[Referring expression grounding data]
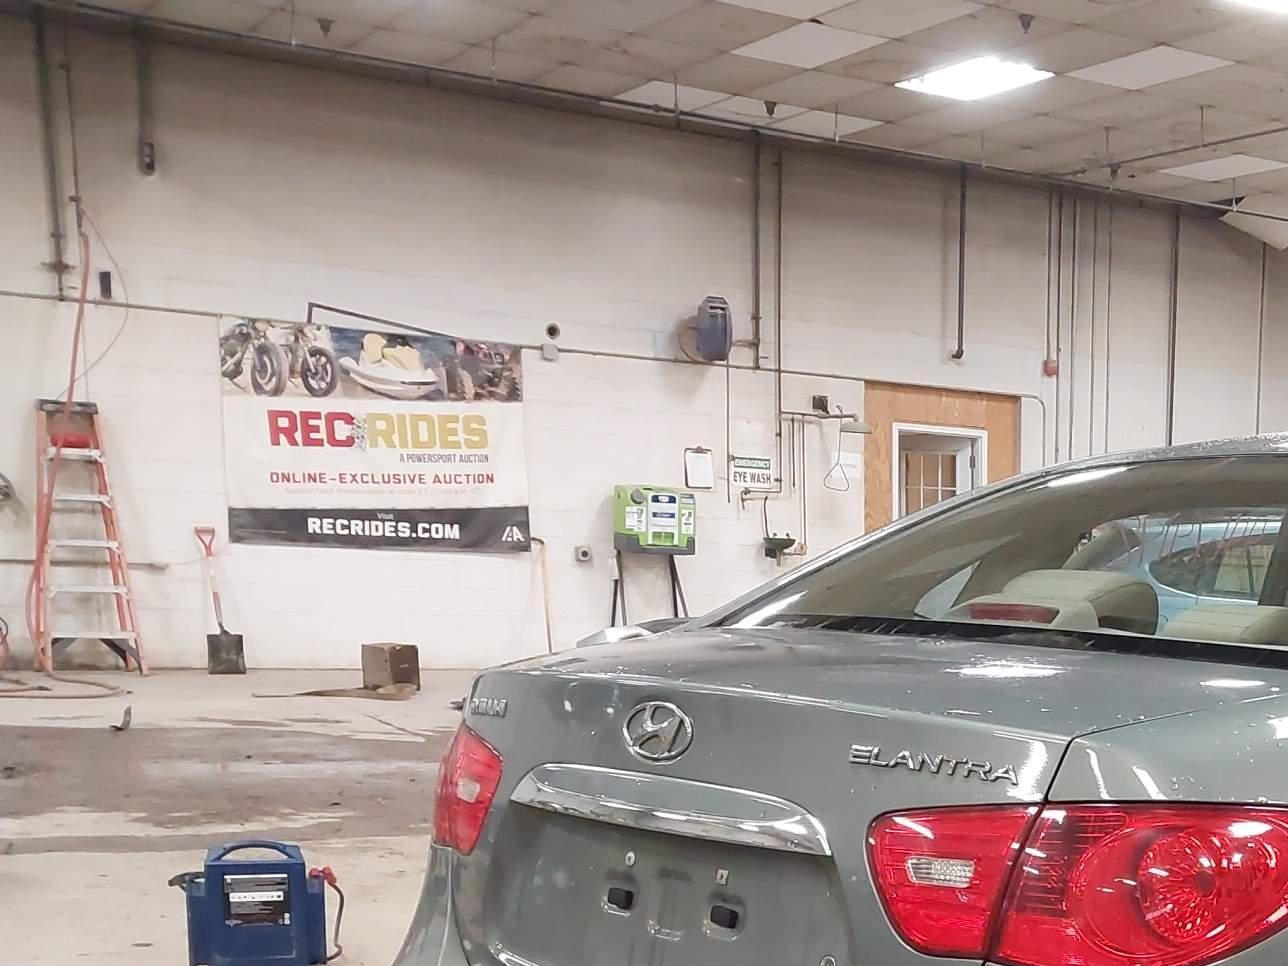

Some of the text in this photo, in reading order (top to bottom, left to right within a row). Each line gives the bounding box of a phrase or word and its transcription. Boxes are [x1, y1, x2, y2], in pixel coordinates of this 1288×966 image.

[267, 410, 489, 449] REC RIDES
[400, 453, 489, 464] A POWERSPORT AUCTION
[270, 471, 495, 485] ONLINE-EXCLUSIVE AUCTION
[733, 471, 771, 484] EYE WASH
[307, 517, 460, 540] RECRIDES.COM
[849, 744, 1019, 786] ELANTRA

* [Directions for this task]
Set down every line of the entries above again, exactly as written, but not the pictures.

* [Response]
Some of the text in this photo, in reading order (top to bottom, left to right within a row). Each line gives the bounding box of a phrase or word and its transcription. Boxes are [x1, y1, x2, y2], in pixel coordinates of this 1288×966 image.

[267, 410, 489, 449] REC RIDES
[400, 453, 489, 464] A POWERSPORT AUCTION
[270, 471, 495, 485] ONLINE-EXCLUSIVE AUCTION
[733, 471, 771, 484] EYE WASH
[307, 517, 460, 540] RECRIDES.COM
[849, 744, 1019, 786] ELANTRA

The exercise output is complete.